• Exercise brief
Find the line below that contains "this 1600×1065 image.". Transcribe it and every line after it exactly, adding nothing.

• Records from a collection
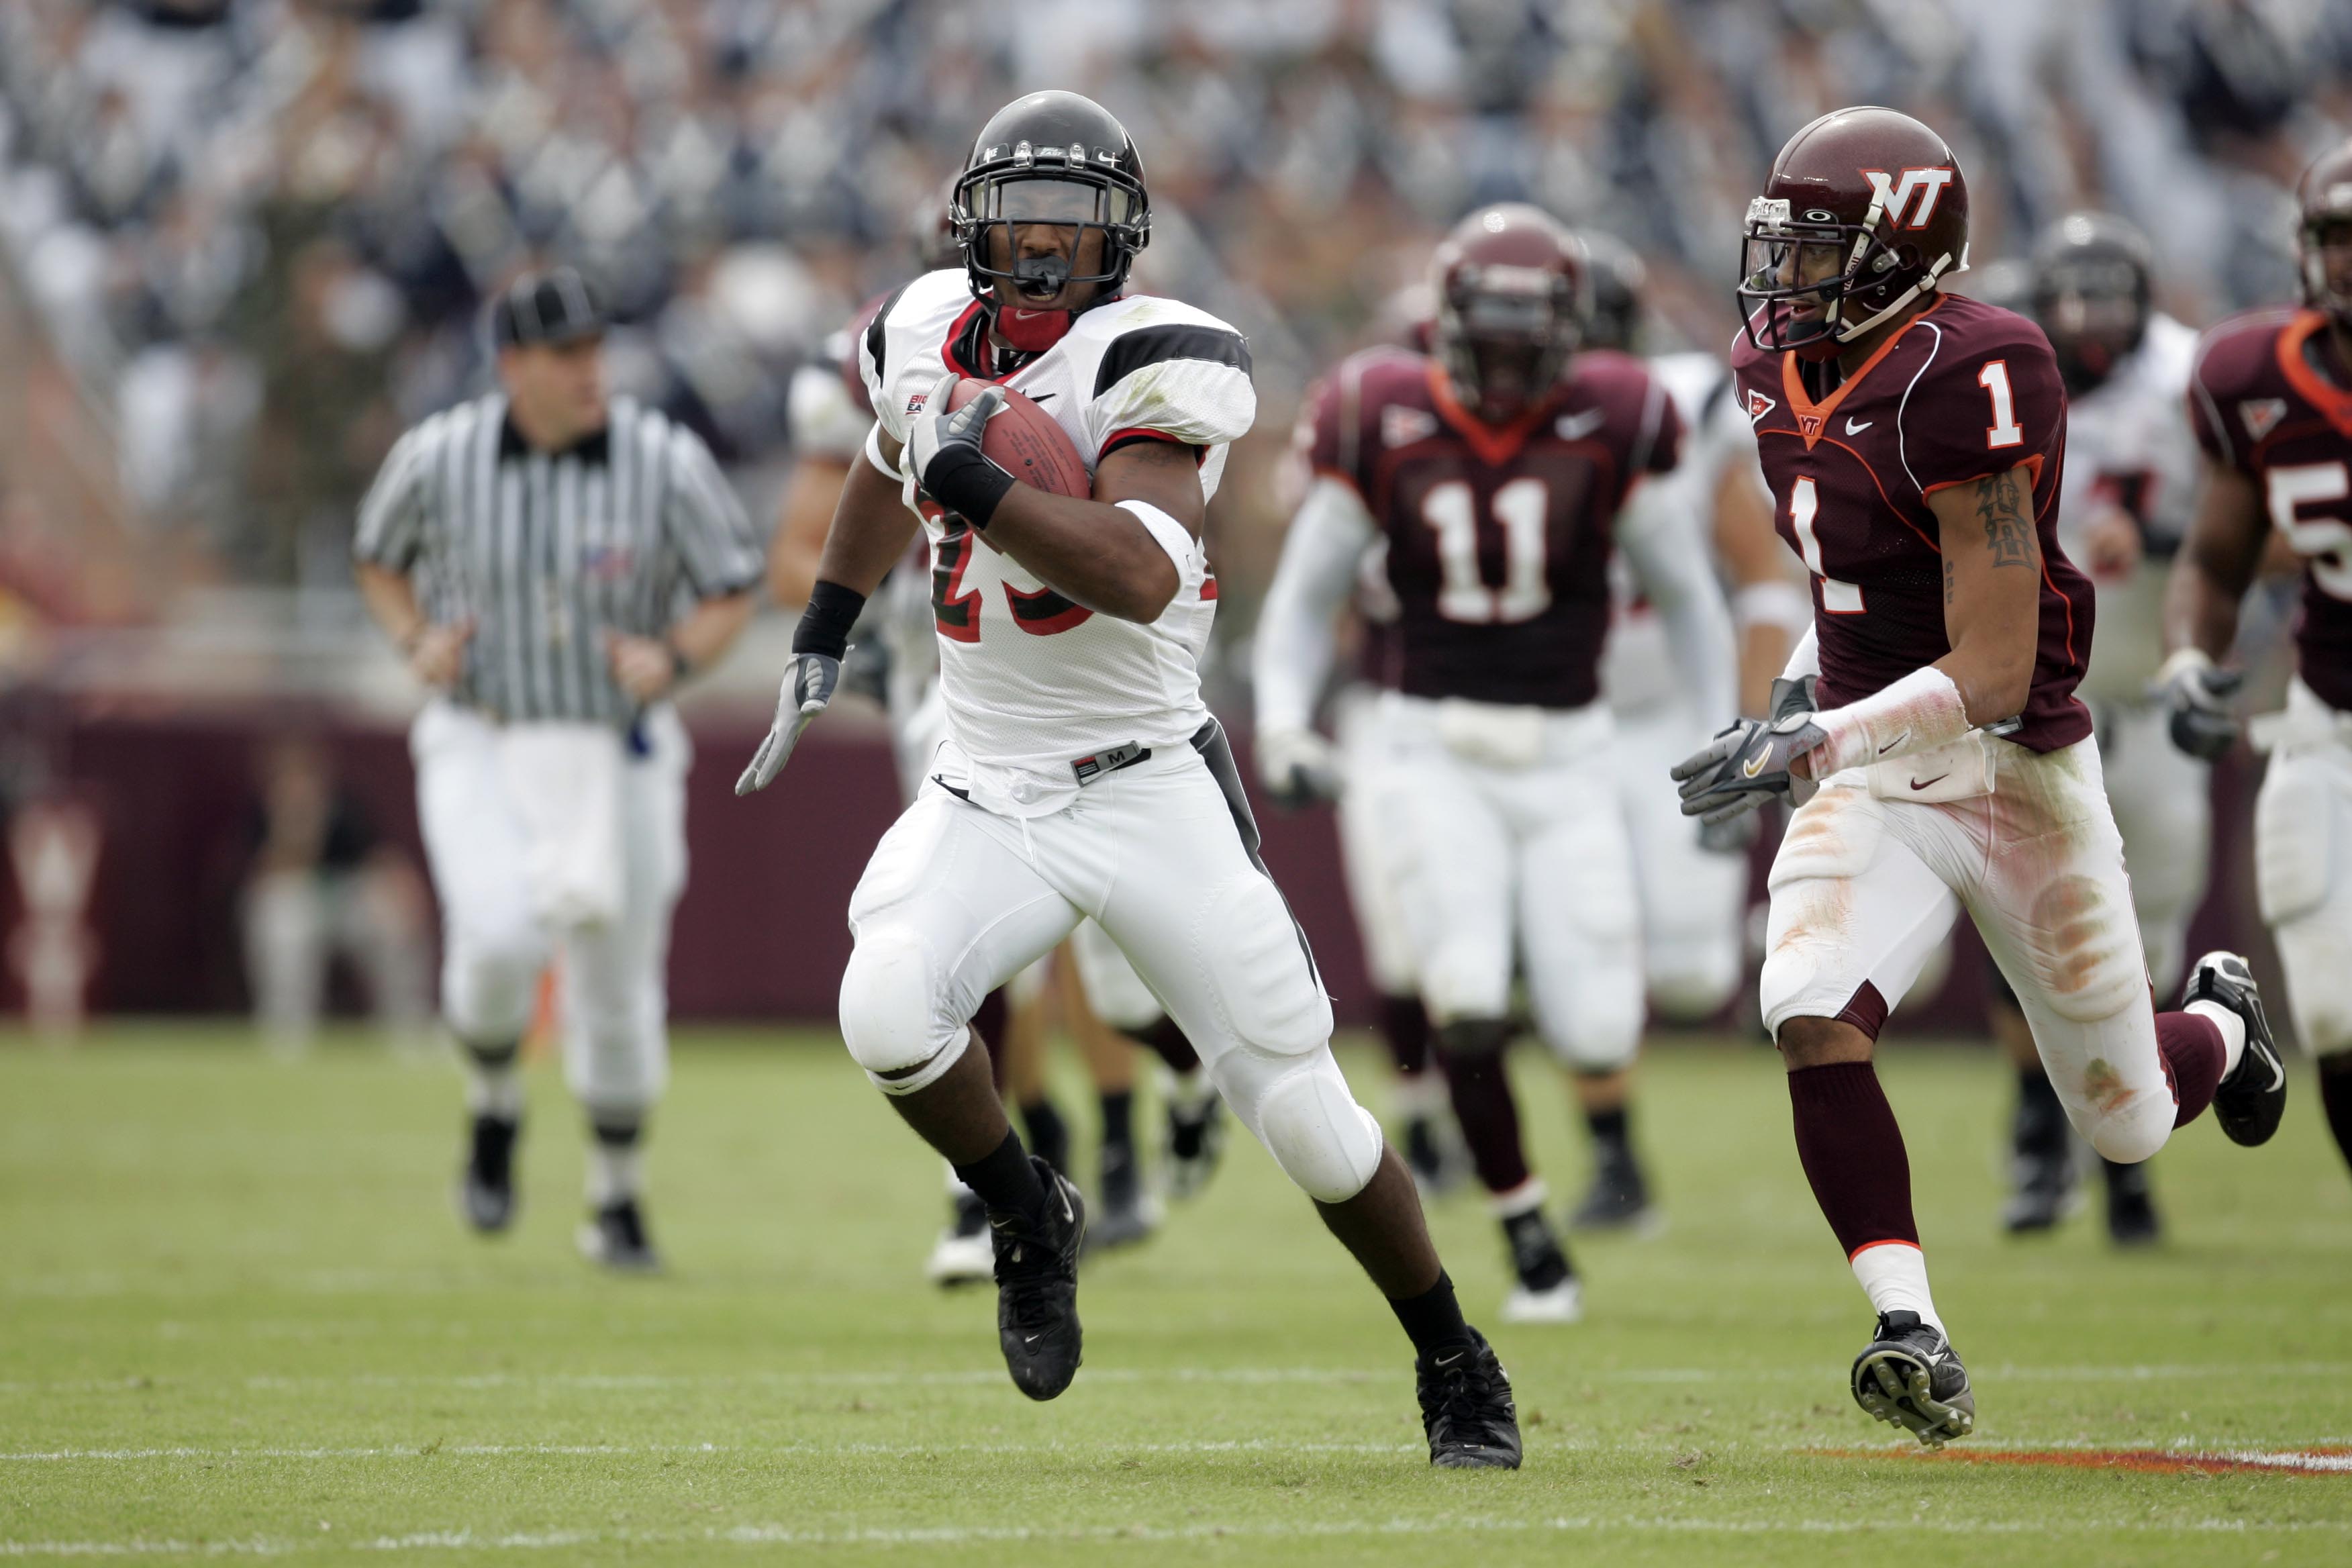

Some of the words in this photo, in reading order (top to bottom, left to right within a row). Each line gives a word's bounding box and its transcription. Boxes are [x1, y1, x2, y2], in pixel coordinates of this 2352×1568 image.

[1859, 166, 1954, 230] VT
[1799, 414, 1821, 436] VT
[1978, 359, 2023, 450] 1
[1422, 477, 1553, 624] 11
[1790, 475, 1867, 614] 1
[1108, 750, 1126, 764] M
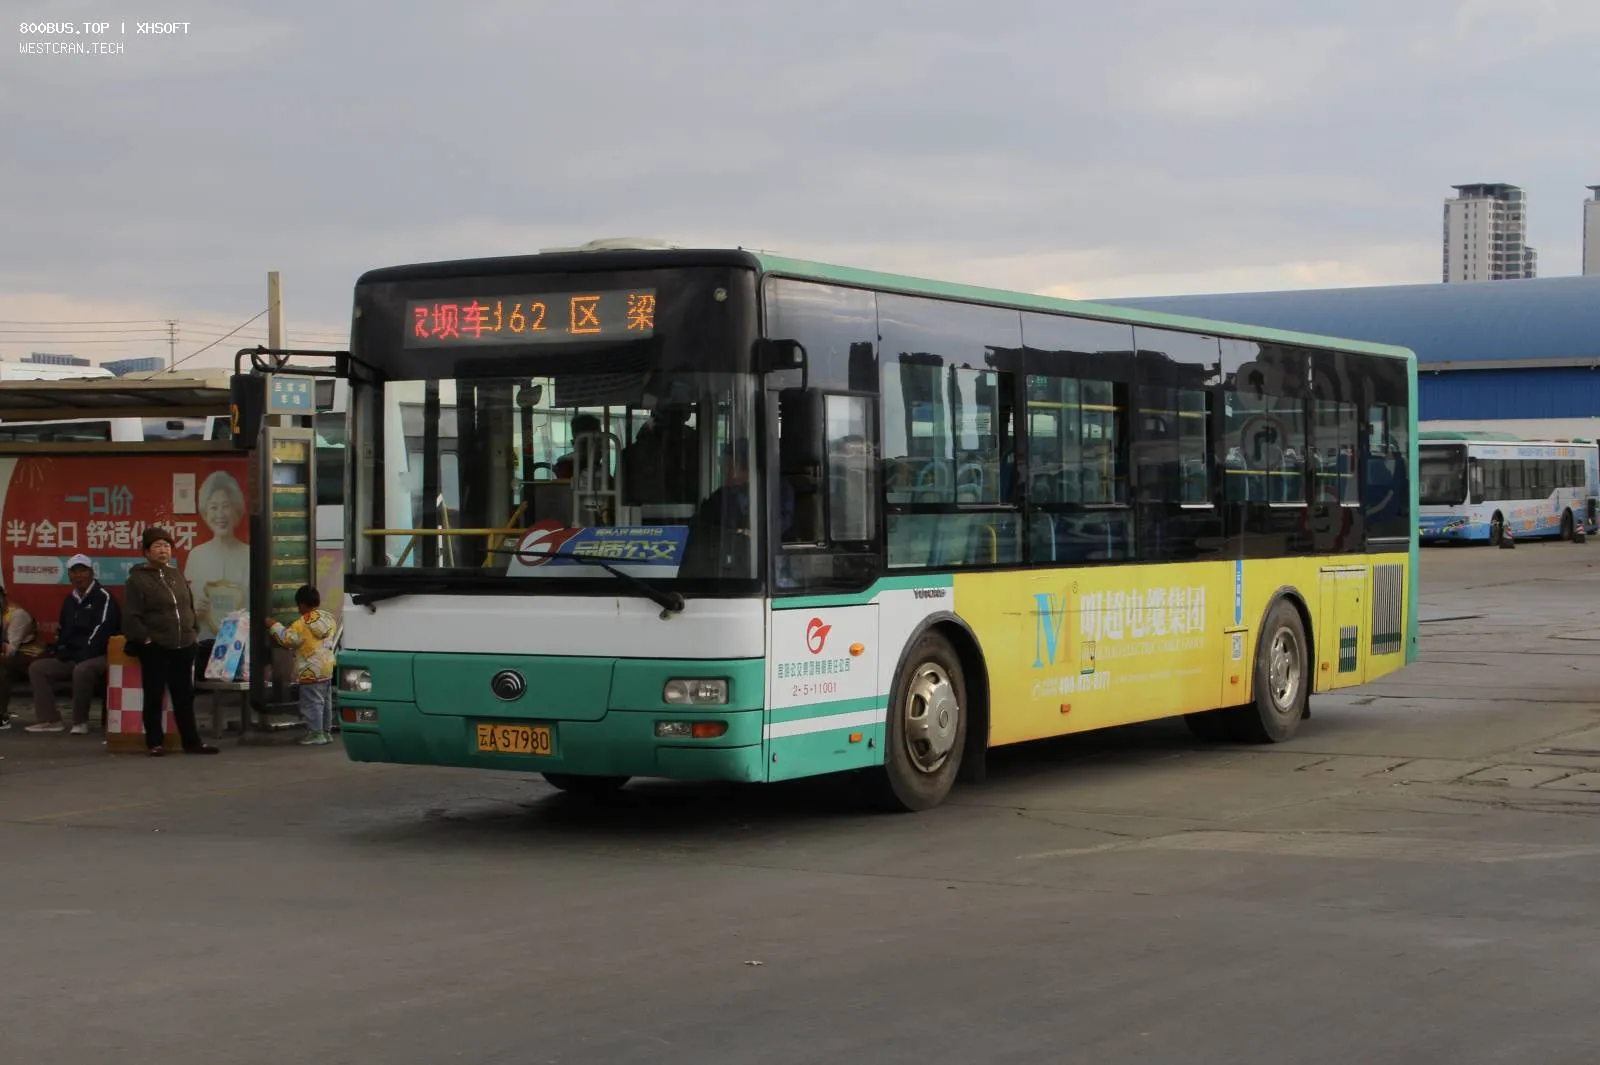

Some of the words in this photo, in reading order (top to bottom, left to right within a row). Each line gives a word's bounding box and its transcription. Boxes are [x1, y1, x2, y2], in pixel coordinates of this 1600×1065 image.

[568, 295, 601, 334] 区
[64, 485, 134, 516] 一口价
[6, 519, 79, 549] 半/全口

• Solution to the problem
Some of the words in this photo, in reading order (top to bottom, left to right within a row). Each line gives a word's bounding box and its transcription. Boxes are [x1, y1, x2, y2], in pixel coordinates of this 1600×1065 image.

[568, 295, 601, 334] 区
[64, 485, 134, 516] 一口价
[6, 519, 79, 549] 半/全口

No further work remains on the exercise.